ABOUT THIS EXERCISE | Transcribe the entries below exactly; leave every image out.

INFORMATION SUPPLIED |
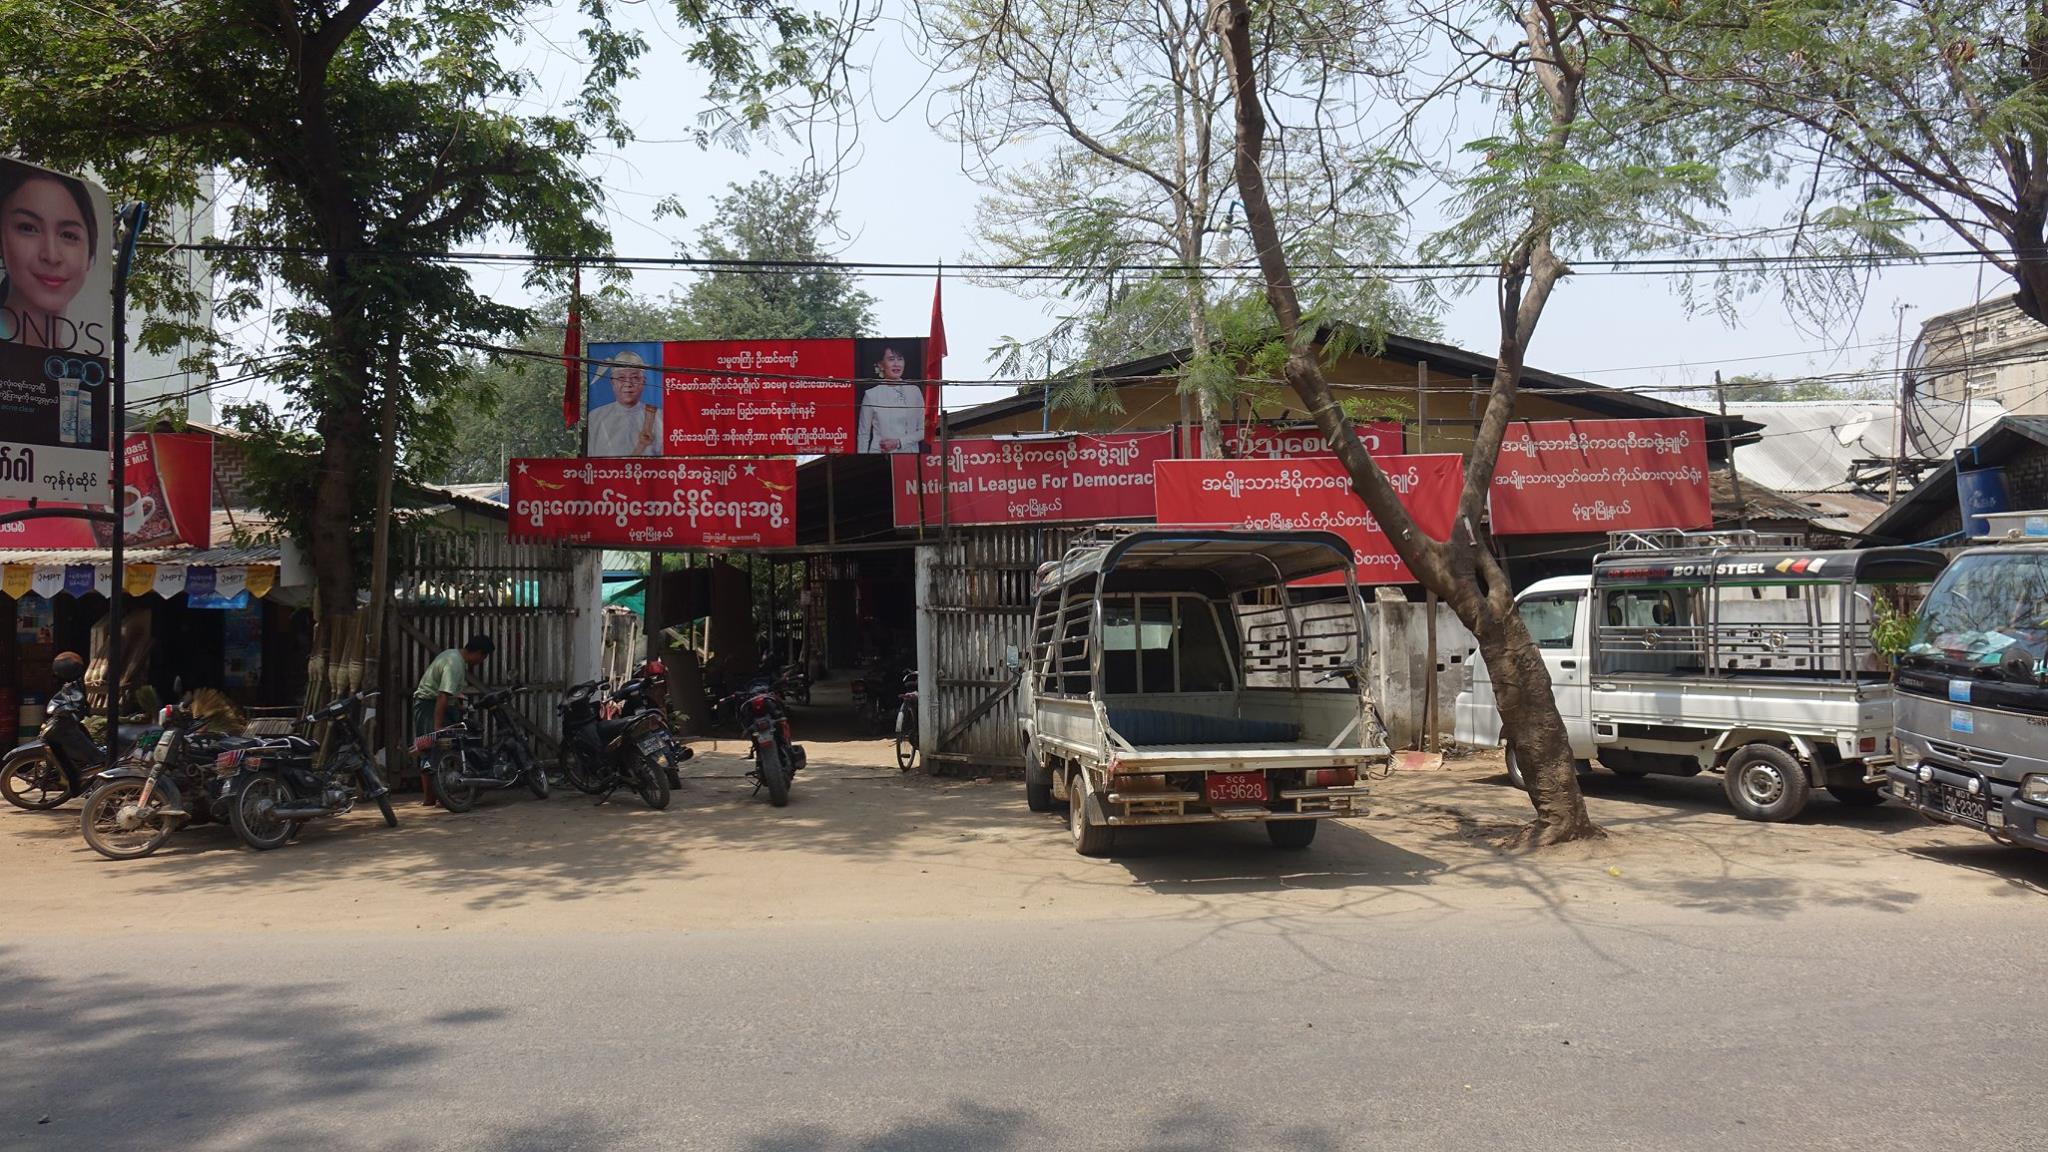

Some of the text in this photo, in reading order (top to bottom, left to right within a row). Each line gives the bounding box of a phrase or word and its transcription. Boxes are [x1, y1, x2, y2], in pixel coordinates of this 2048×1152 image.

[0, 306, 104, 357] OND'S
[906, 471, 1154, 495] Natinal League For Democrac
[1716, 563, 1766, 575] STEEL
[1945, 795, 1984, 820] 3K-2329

RESPONSE |
Some of the text in this photo, in reading order (top to bottom, left to right within a row). Each line gives the bounding box of a phrase or word and its transcription. Boxes are [x1, y1, x2, y2], in pixel coordinates of this 2048×1152 image.

[0, 306, 104, 357] OND'S
[906, 471, 1154, 495] Natinal League For Democrac
[1716, 563, 1766, 575] STEEL
[1945, 795, 1984, 820] 3K-2329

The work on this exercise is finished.